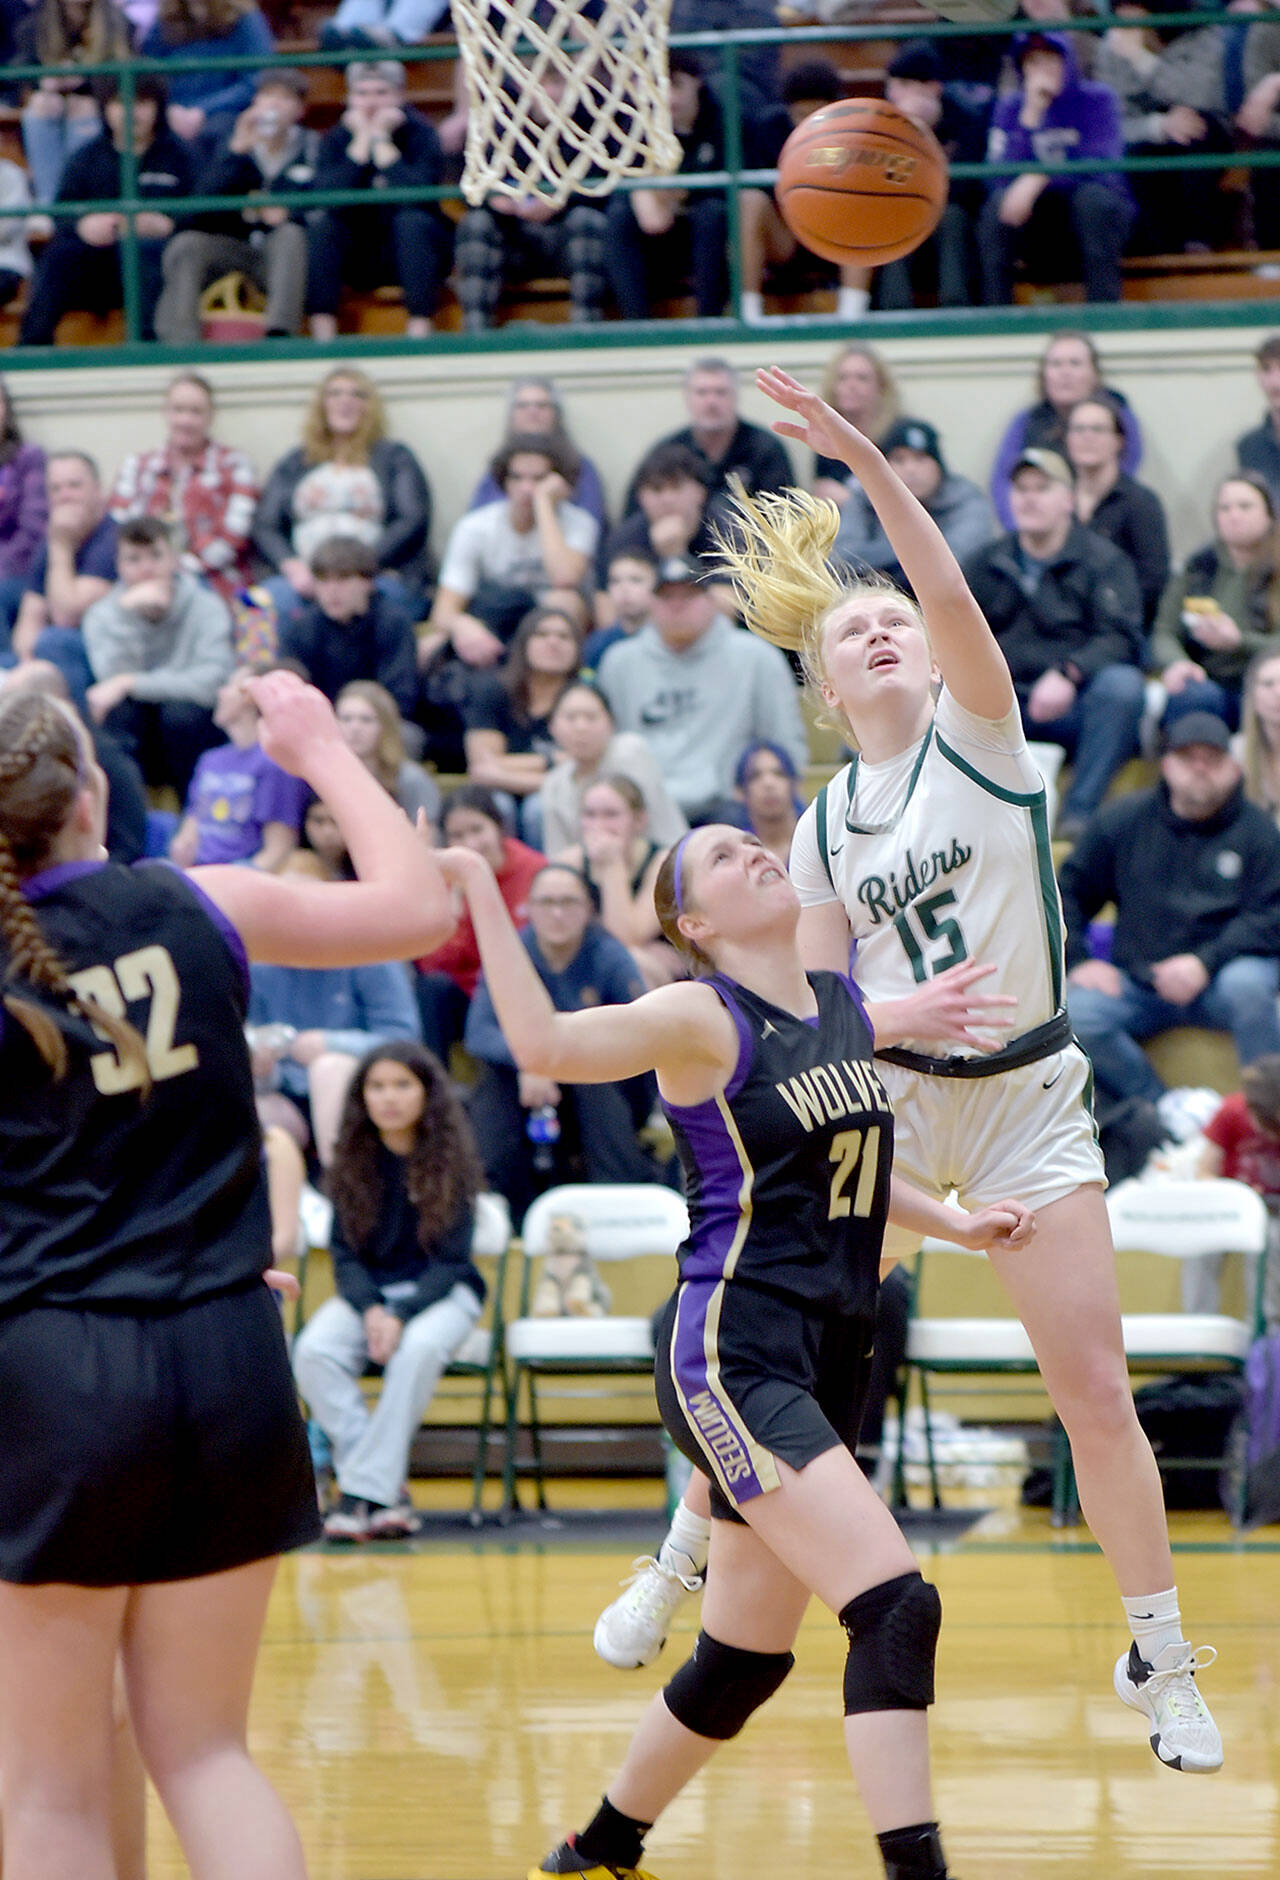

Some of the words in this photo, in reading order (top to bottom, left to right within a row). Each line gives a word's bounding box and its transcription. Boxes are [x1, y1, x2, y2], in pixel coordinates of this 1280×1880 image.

[857, 838, 972, 925] Riders
[893, 889, 968, 984] 15
[775, 1059, 894, 1133] WOLVE
[827, 1125, 881, 1222] 21
[688, 1389, 752, 1485] SEQUIM

━━━━━━━━━━━━━━━━━━━━

Go through the entries and retype each one exactly, skipping any image.

Some of the words in this photo, in reading order (top to bottom, left to right within a row). Each line gives a word's bounding box and its transcription. Boxes are [x1, y1, x2, y2], in pixel coordinates of this 1280×1880 image.

[857, 838, 972, 925] Riders
[893, 889, 968, 984] 15
[775, 1059, 894, 1133] WOLVE
[827, 1125, 881, 1222] 21
[688, 1389, 752, 1485] SEQUIM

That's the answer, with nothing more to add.